Spice Profile: Galangal

Spice Profile: Galangal

Spice Profile: Galangal, Alpinia Species

Galangal is pronounced as guh-lang-guh, scientific name Alpine Species. It is also known as Laos, Siamese and Thai Ginger

Types of Galangal

There are two principal types of galangal- Greater and Lesser Galangal. Both are cultivated, but greater galangal has been increasing in favor over lesser galangal. Greater Galangal grows larger and taller than lesser Galangal.

What is Galangal?

Galangal is a rhizome similar to ginger. It has a gingery lemony flavor and is used extensively throughout Southeast Asia 

How Can I Use Galangal?

Galangal is used throughout Southeast Asia in curries, stews, sambas, satays, soups and sauces. It is a common ingredient in blends, such as curry powders and laksa spices. It is sometimes used in place of ginger. 

Preparation methods

  • Fresh galangal can be peeled and sliced like ginger
  • Powdered galangal can be used in spice blends
    • Sliced dry galangal can be used in soups and stews

    Where Can I Buy Galangal?

    Galangal is available fresh at asian markets or powdered at specialty spice shops.

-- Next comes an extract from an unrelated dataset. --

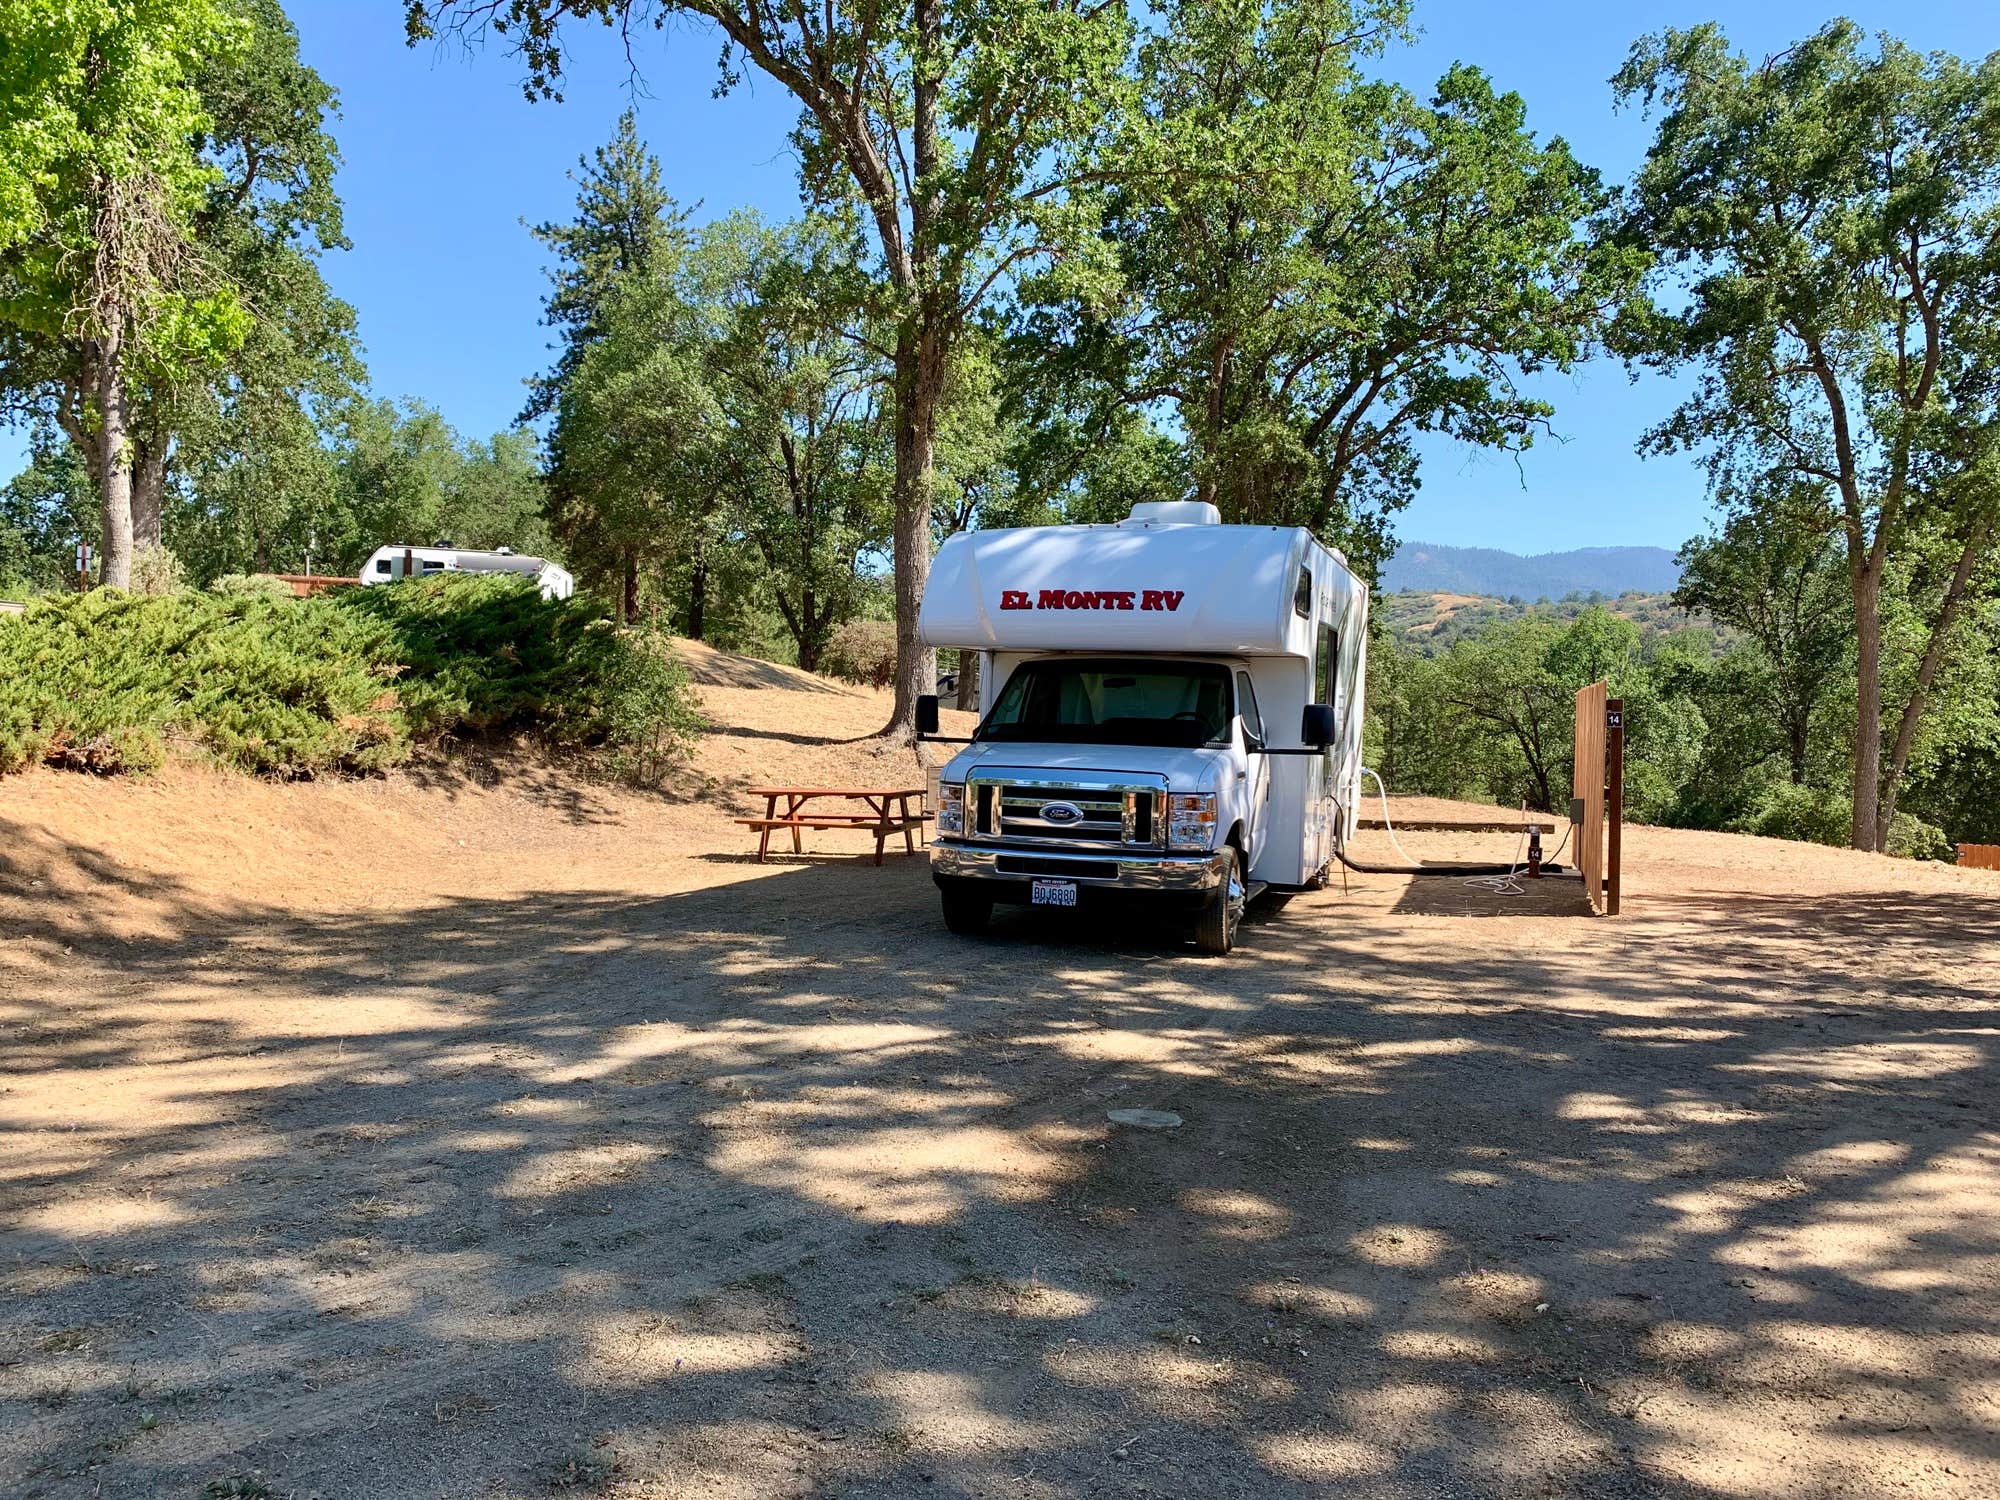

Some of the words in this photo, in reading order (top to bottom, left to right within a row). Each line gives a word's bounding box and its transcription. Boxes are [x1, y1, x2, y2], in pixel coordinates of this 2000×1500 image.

[1140, 590, 1184, 611] RV
[1609, 715, 1619, 724] 14
[1050, 808, 1070, 819] Ford

      What is the History of Galangal?

      Galangal is native to China and Southeast Asia. It has a rich history throughout Europe and the Arabian Peninsula for its medicinal uses. It has also been used as a base to liqueurs and vinegars.

      How to Grow and Plant Galangal

      Galangal can be grown in warm and mediterranean climates. It can even be grown in cooler climates if it is carefully protected from frost. Rhizomes with at least two buds should be planted in the early spring in a partially shady area. Rhizomes can be harvested without pulling the whole plant by carefully removing them from the sides and then cleaning them before use.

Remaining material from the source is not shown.